Chevron and Brazilian regulators reported that a small, fresh oil slick has appeared near the site of Chevron’s blowout last November in the deepwater Frade oil field in Brazil’s prolific Campos Basin. This is not entirely unexpected given the nature of the problem that Chevron had with the well being drilled by the SEDCO 706 rig: an unknown amount of oil escaped laterally from the well into surrounding bedrock, and worked its way up to the seafloor along a pre-existing natural fault. It will take some time for all of that oil to emerge, so we’ve been anticipating chronic small oil slicks at this location.

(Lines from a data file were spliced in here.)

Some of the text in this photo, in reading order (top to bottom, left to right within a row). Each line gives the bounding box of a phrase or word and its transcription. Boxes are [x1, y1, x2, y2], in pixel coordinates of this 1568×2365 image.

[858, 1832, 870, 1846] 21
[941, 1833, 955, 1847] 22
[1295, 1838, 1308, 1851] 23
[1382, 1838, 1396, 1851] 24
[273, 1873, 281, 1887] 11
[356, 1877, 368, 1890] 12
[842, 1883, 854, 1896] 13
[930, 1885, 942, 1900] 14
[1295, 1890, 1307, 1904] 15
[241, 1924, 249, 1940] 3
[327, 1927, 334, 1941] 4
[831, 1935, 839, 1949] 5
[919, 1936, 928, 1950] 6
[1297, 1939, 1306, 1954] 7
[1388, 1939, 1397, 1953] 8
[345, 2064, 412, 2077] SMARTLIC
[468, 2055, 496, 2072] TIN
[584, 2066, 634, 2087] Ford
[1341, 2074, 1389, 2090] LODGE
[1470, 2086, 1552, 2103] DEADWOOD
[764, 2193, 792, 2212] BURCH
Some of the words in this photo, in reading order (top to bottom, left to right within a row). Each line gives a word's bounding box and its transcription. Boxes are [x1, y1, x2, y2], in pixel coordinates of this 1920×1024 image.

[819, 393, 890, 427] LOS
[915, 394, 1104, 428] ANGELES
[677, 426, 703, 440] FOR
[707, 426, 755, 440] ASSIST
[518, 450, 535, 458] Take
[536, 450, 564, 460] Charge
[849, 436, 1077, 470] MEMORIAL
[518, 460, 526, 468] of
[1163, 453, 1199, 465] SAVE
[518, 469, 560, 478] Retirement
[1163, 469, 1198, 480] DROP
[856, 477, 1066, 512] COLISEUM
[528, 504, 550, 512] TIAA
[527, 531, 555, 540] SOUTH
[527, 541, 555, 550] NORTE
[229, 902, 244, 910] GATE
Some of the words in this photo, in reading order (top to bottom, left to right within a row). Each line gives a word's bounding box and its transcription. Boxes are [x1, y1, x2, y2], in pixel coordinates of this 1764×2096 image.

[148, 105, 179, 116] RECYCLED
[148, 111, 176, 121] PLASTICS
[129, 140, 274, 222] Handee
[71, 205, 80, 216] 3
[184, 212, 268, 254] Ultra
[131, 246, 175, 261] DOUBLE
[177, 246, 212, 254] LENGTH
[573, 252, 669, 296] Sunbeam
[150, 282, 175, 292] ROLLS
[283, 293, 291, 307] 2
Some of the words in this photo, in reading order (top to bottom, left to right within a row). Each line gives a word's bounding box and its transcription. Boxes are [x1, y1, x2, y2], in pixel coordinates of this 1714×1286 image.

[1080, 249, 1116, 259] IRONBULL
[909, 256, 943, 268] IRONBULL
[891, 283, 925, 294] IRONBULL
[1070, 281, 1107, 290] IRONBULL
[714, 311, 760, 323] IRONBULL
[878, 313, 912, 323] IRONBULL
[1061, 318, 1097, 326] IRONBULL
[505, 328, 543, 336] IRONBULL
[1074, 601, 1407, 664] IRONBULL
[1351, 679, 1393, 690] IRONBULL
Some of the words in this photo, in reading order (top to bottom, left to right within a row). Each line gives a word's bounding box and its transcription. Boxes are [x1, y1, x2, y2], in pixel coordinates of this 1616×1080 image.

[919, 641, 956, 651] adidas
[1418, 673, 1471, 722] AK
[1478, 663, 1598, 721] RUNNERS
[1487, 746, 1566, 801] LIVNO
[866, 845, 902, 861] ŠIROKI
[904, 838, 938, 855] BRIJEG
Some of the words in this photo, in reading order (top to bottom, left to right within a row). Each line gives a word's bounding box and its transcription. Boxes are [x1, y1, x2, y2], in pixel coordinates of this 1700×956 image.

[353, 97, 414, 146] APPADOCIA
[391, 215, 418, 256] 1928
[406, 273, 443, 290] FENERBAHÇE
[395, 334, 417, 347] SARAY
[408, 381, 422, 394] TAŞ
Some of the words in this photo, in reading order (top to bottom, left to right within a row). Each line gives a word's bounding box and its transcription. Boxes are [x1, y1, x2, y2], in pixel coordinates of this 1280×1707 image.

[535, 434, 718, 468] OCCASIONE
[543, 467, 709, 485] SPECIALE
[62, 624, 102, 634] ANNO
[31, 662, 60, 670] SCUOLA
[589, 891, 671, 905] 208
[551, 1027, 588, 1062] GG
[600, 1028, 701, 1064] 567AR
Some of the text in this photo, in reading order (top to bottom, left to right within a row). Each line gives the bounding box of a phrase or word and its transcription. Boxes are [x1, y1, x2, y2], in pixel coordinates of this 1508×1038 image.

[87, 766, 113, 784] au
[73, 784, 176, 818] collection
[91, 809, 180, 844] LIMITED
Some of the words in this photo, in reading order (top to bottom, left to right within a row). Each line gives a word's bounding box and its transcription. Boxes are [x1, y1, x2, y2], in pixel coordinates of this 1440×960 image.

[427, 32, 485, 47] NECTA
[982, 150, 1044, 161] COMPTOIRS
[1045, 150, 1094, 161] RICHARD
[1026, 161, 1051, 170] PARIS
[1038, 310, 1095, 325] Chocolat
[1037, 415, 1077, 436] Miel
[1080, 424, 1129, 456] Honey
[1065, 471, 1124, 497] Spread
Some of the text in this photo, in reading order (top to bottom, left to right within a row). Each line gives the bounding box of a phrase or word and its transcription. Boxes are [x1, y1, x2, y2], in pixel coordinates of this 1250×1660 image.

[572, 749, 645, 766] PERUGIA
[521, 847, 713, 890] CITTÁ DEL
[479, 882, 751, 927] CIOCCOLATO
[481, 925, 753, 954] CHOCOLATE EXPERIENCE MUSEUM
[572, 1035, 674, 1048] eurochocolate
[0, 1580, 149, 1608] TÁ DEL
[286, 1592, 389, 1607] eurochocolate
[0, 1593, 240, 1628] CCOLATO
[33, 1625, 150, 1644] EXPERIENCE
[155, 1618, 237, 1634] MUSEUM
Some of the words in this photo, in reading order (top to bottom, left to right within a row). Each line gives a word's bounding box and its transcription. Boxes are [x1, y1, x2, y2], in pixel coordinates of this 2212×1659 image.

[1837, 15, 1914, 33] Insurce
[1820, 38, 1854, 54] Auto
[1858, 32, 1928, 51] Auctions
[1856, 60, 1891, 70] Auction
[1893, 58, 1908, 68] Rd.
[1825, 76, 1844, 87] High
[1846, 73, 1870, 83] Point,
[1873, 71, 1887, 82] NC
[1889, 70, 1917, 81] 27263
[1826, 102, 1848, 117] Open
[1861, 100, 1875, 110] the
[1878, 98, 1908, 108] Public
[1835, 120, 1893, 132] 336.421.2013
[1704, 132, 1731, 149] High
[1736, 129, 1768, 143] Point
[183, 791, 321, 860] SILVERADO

But optical satellite imagery of this area (MODIS and MERIS) have had problems with clouds and haze for the past few days, so we haven’t seen any sign of the latest slick. Radar images don’t have that problem, but the most recent radar image we have was taken at about 9pm local time on March 9, and it looks clean around the SEDCO 706 site:
We do see a small slick on this image, though, about 80 km south-southwest of the Chevron leak site. It is quite small, covering about 2 square kilometers, and appears to be associated with Petrobras P38, an FPSO in the Marlim Sul field that recently began handling new production from platform P56:
This appears to be a very small spill — at 1 micron thick it would only amount to 528 gallons — but recent spills off Nigeria and affecting the beach at Tramandai in Brazil, should put FPSOs on everyone’s radar here in the US.